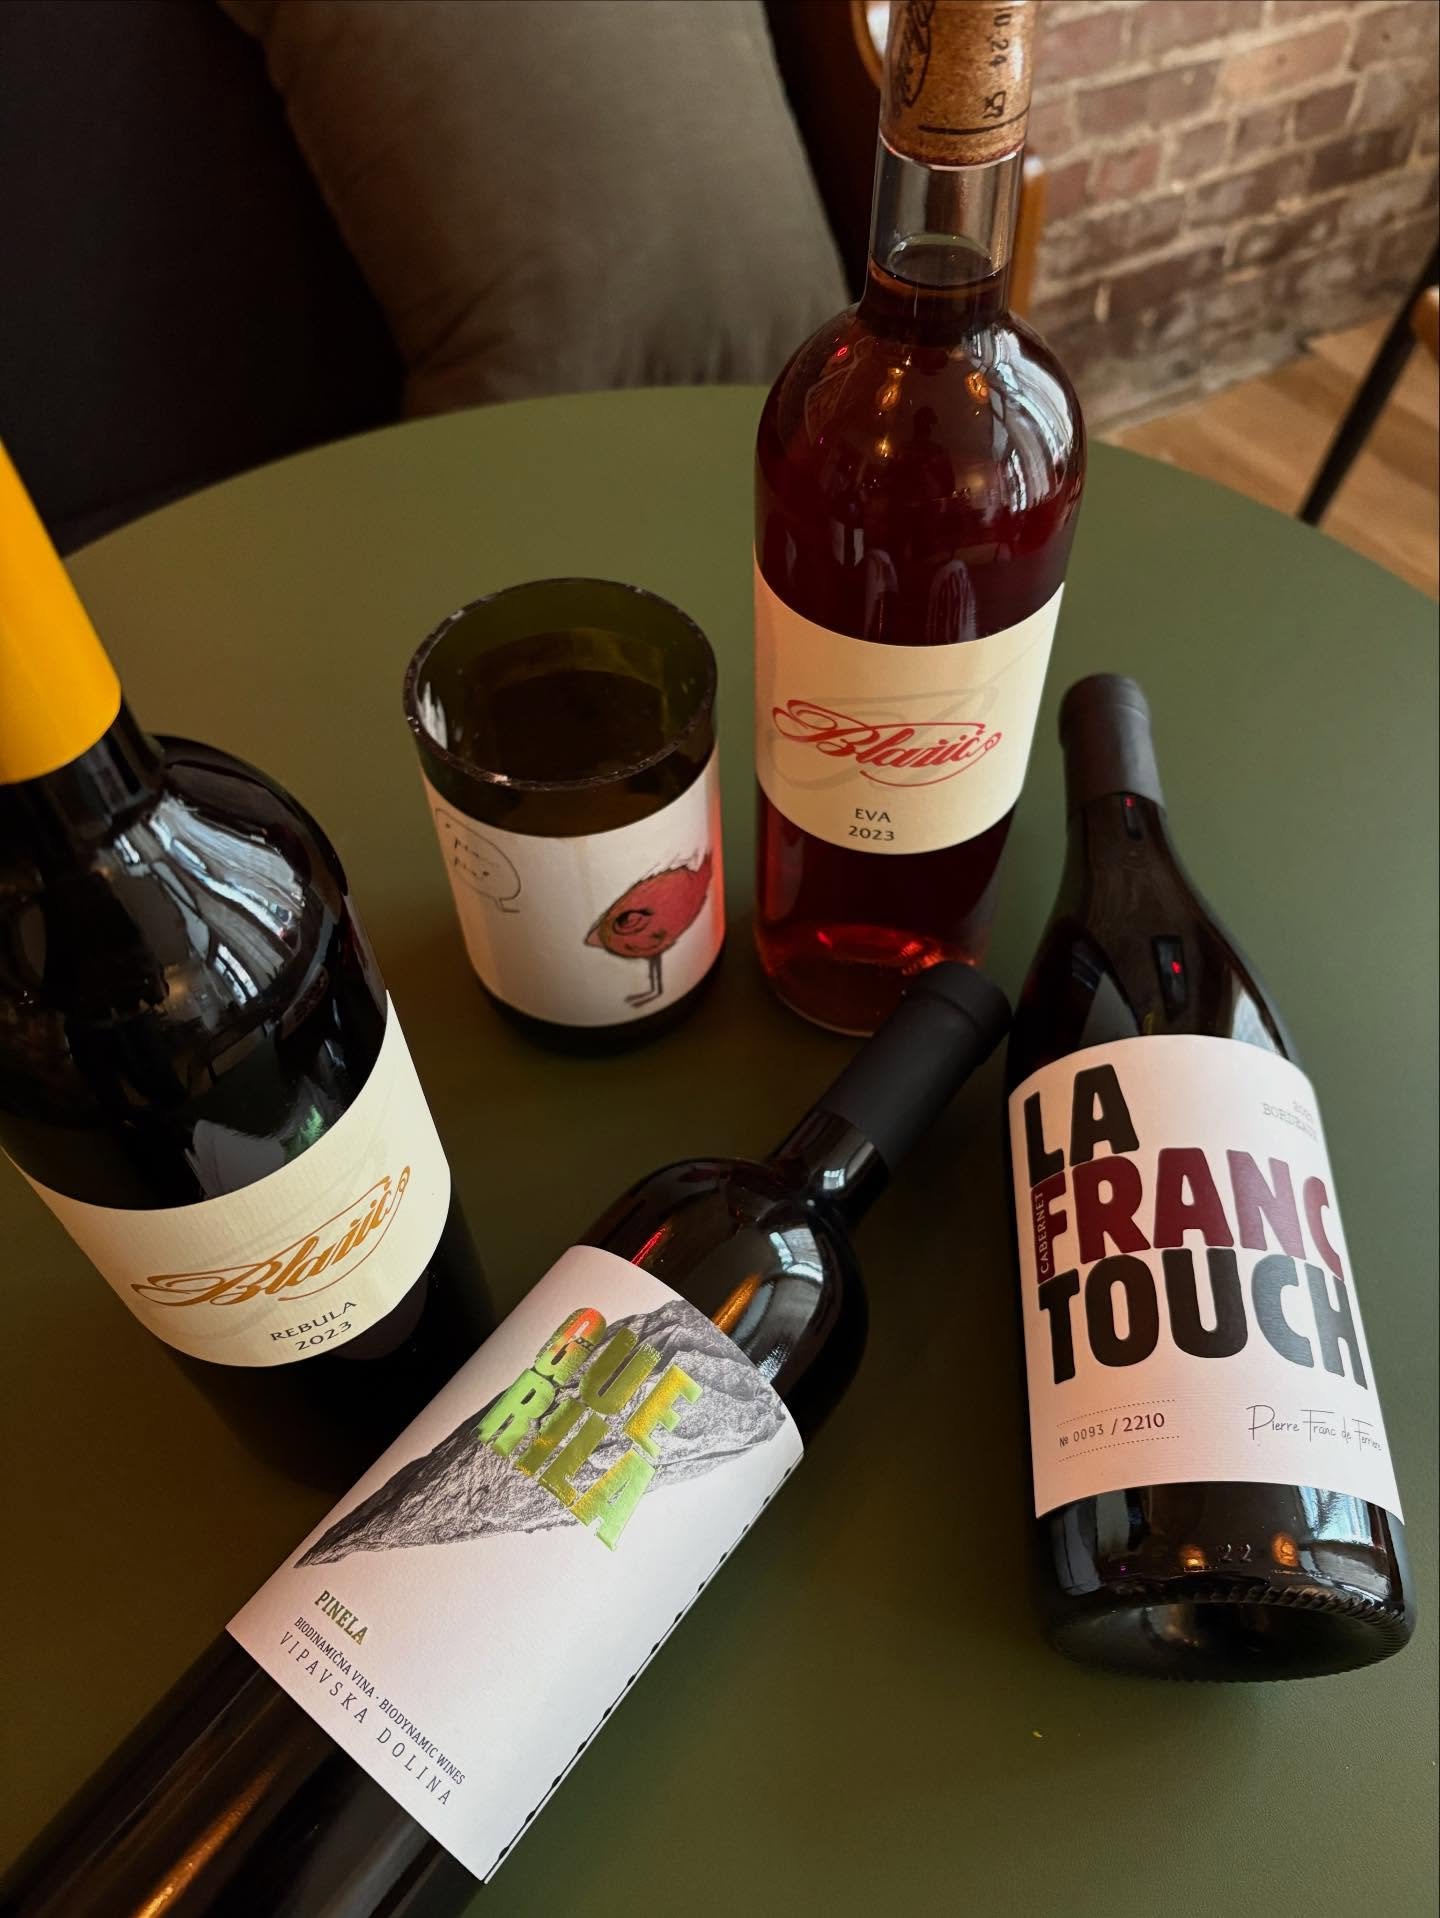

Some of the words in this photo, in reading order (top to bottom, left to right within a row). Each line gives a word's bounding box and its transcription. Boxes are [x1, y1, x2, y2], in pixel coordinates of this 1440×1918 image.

[848, 825, 896, 842] 2023
[854, 807, 892, 824] EVA
[1024, 1063, 1140, 1189] LA
[1030, 1147, 1345, 1285] FRANC
[1035, 1191, 1051, 1274] CABERNET
[269, 1301, 358, 1341] REBULA
[295, 1320, 352, 1351] 2023
[1038, 1247, 1369, 1391] TOUCH
[1073, 1423, 1105, 1443] 0093
[1122, 1412, 1166, 1433] 2210
[1246, 1404, 1300, 1441] Pierre
[1299, 1408, 1337, 1443] Franc
[314, 1589, 369, 1646] PINELA
[279, 1631, 369, 1724] VIPAVSKA
[376, 1727, 451, 1805] DOLINA
[294, 1616, 352, 1676] BIODINAMIČNA
[351, 1670, 376, 1698] VINA
[378, 1698, 440, 1759] BIODYNAMIC
[436, 1753, 466, 1785] WINES
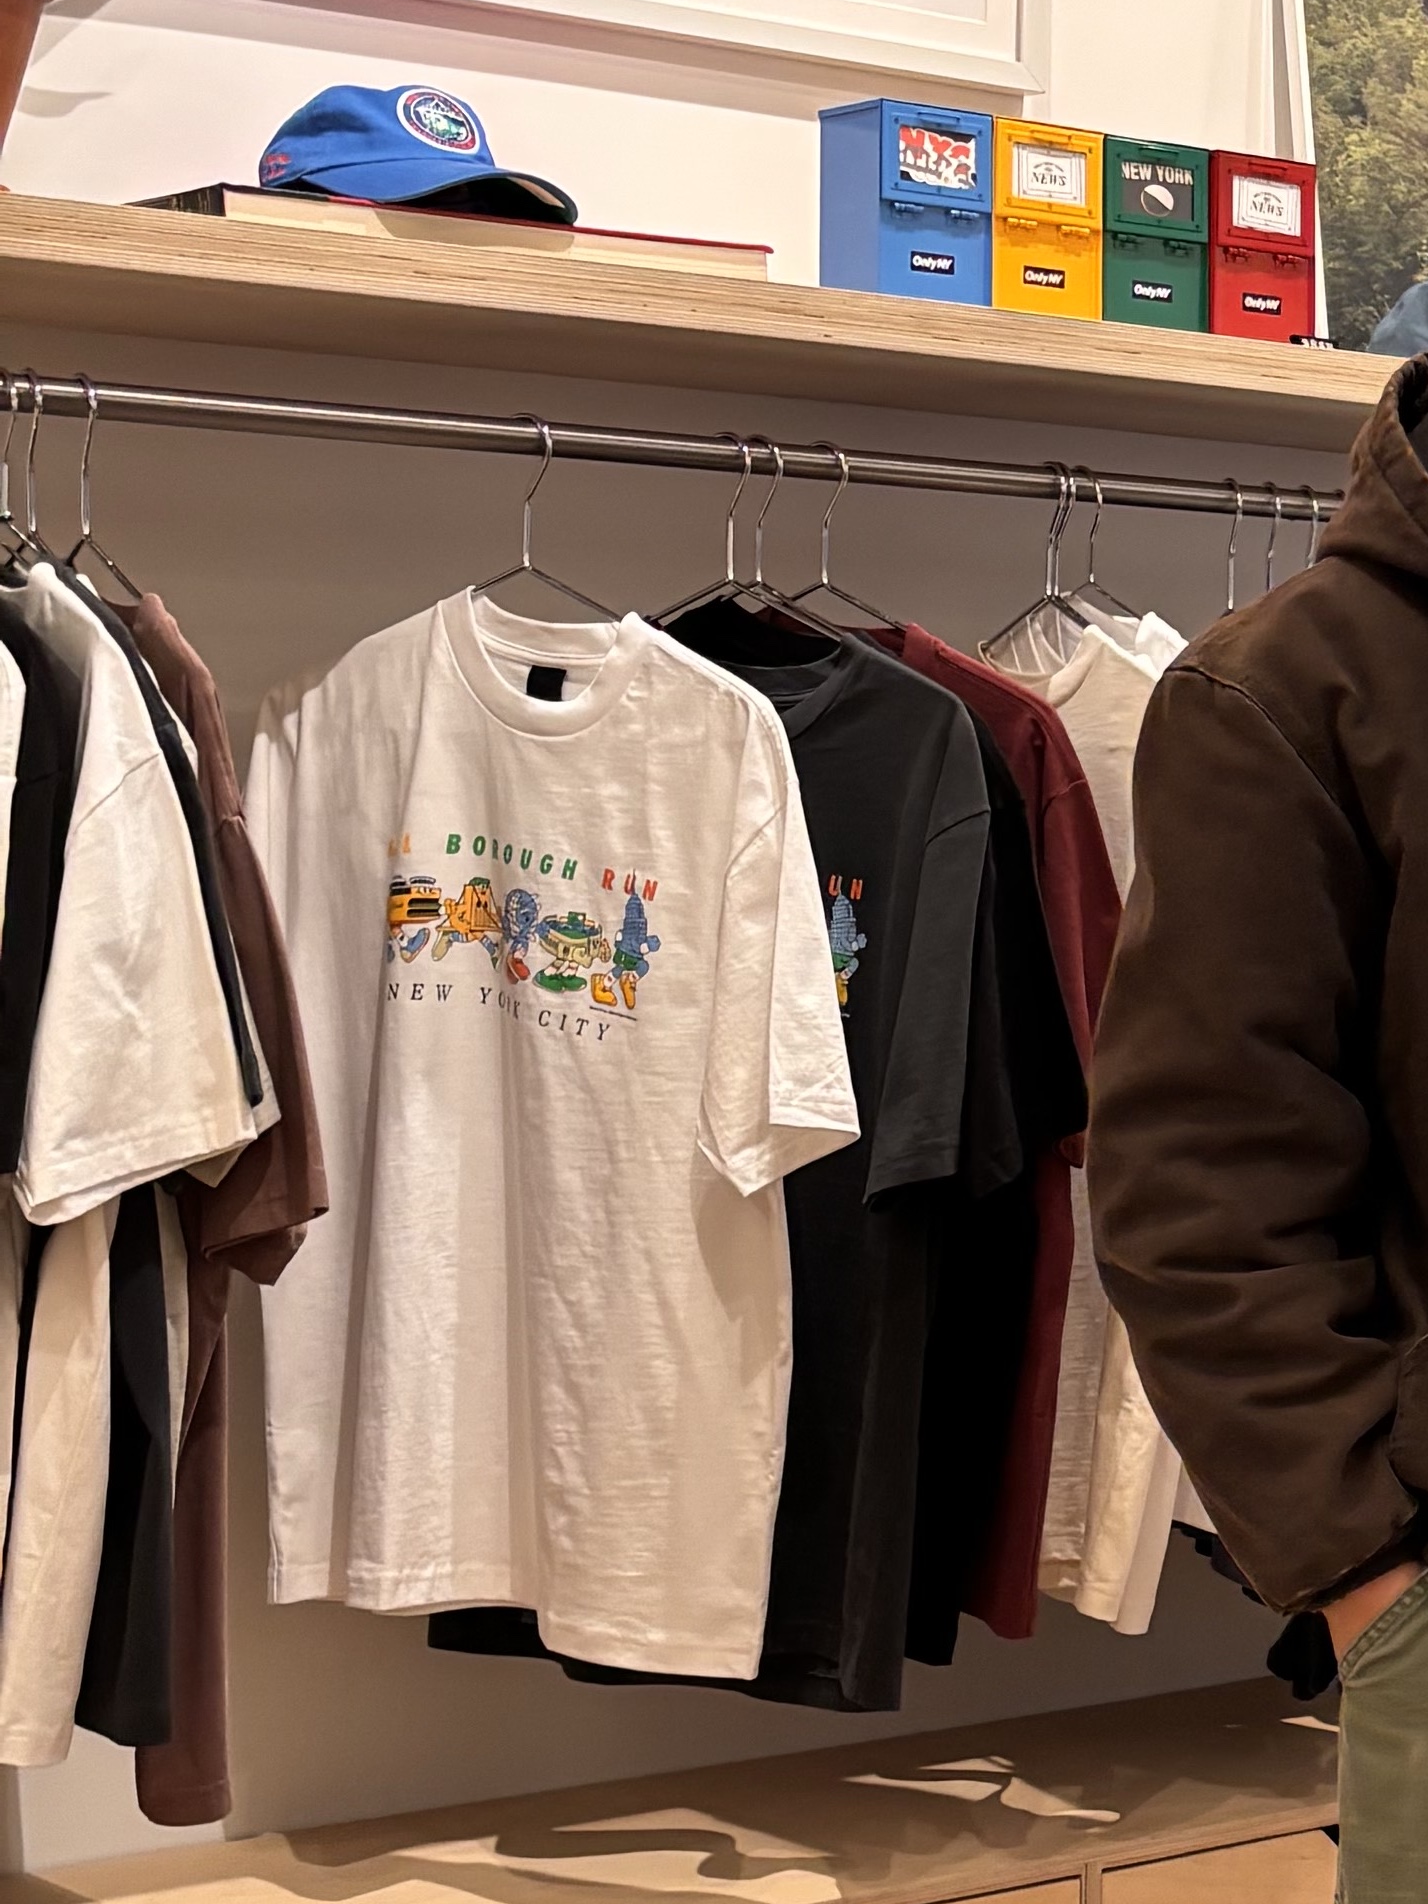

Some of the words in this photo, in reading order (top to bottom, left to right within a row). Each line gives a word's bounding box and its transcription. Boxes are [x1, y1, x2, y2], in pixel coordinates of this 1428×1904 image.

[1031, 172, 1067, 187] NEWS
[1121, 162, 1153, 181] NEW
[1155, 166, 1193, 186] YORK
[1250, 200, 1284, 217] NEWS
[445, 833, 578, 880] BOROUGH
[601, 868, 658, 901] RUN
[828, 874, 863, 900] UN
[387, 983, 453, 1002] NEW
[538, 1009, 611, 1041] CITY
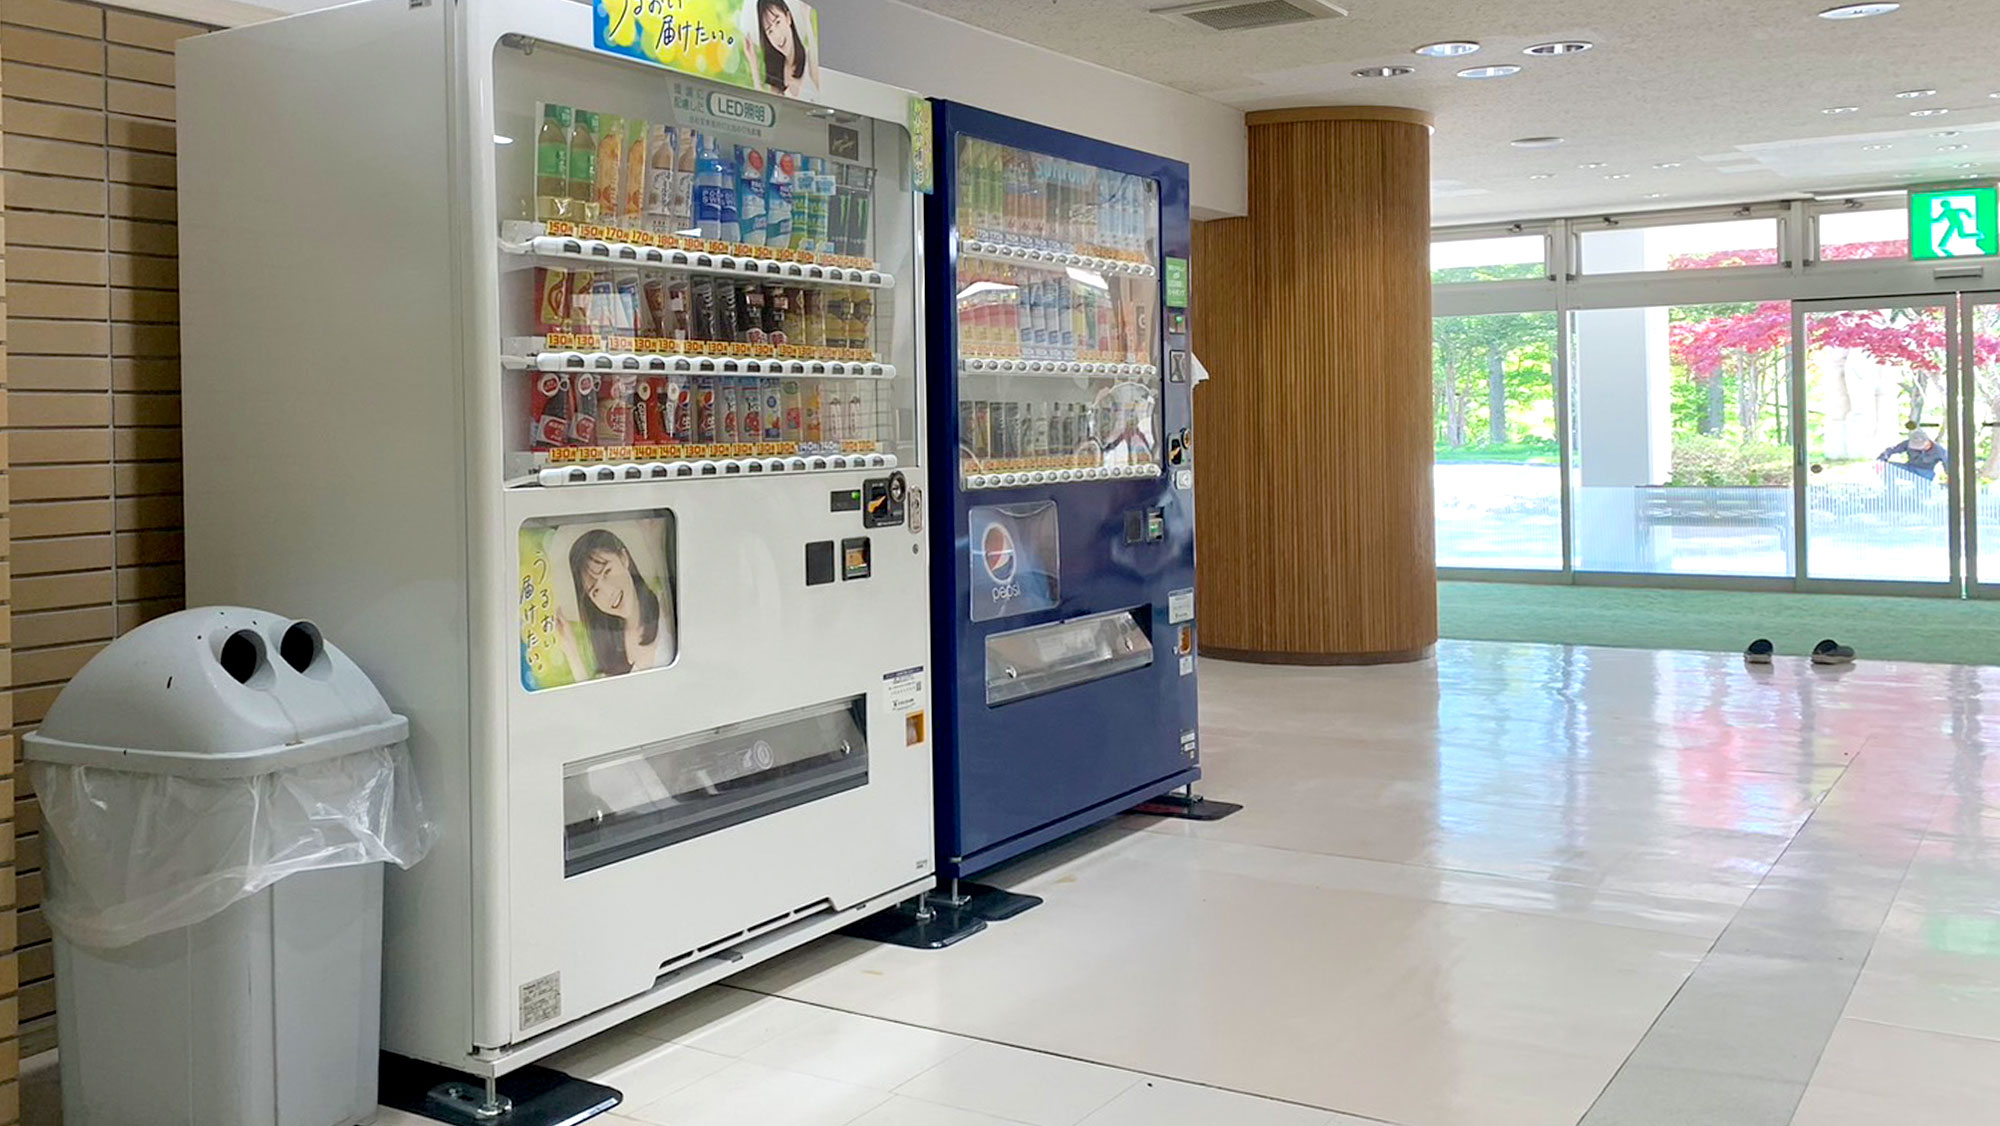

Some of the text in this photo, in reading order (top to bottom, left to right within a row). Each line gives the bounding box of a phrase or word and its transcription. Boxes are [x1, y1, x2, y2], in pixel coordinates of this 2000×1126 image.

[656, 15, 734, 52] 届けたい。
[533, 551, 556, 648] うるおい
[991, 582, 1020, 603] pepsi
######
• [AIM OF THE EXERCISE]:
Take the listing above and restate it word for word, without its pictures.

• [RESULT FOR THIS TASK]:
Some of the words in this photo, in reading order (top to bottom, left to right within a row). Each line gives a word's bounding box and its transcription. Boxes are [x1, y1, x2, y2], in pixel coordinates of this 1440×1918 image.

[848, 825, 896, 842] 2023
[854, 807, 892, 824] EVA
[1024, 1063, 1140, 1189] LA
[1030, 1147, 1345, 1285] FRANC
[1035, 1191, 1051, 1274] CABERNET
[269, 1301, 358, 1341] REBULA
[295, 1320, 352, 1351] 2023
[1038, 1247, 1369, 1391] TOUCH
[1073, 1423, 1105, 1443] 0093
[1122, 1412, 1166, 1433] 2210
[1246, 1404, 1300, 1441] Pierre
[1299, 1408, 1337, 1443] Franc
[314, 1589, 369, 1646] PINELA
[279, 1631, 369, 1724] VIPAVSKA
[376, 1727, 451, 1805] DOLINA
[294, 1616, 352, 1676] BIODINAMIČNA
[351, 1670, 376, 1698] VINA
[378, 1698, 440, 1759] BIODYNAMIC
[436, 1753, 466, 1785] WINES

Some of the words in this photo, in reading order (top to bottom, left to right within a row). Each line gives a word's bounding box and its transcription. Boxes are [x1, y1, x2, y2], in pixel coordinates of this 1428×1904 image.

[1031, 172, 1067, 187] NEWS
[1121, 162, 1153, 181] NEW
[1155, 166, 1193, 186] YORK
[1250, 200, 1284, 217] NEWS
[445, 833, 578, 880] BOROUGH
[601, 868, 658, 901] RUN
[828, 874, 863, 900] UN
[387, 983, 453, 1002] NEW
[538, 1009, 611, 1041] CITY

Some of the text in this photo, in reading order (top to bottom, left to right within a row). Each line gives the bounding box of a phrase or word and its transcription. Boxes are [x1, y1, x2, y2], in pixel coordinates of this 2000×1126 image.

[656, 15, 734, 52] 届けたい。
[533, 551, 556, 648] うるおい
[991, 582, 1020, 603] pepsi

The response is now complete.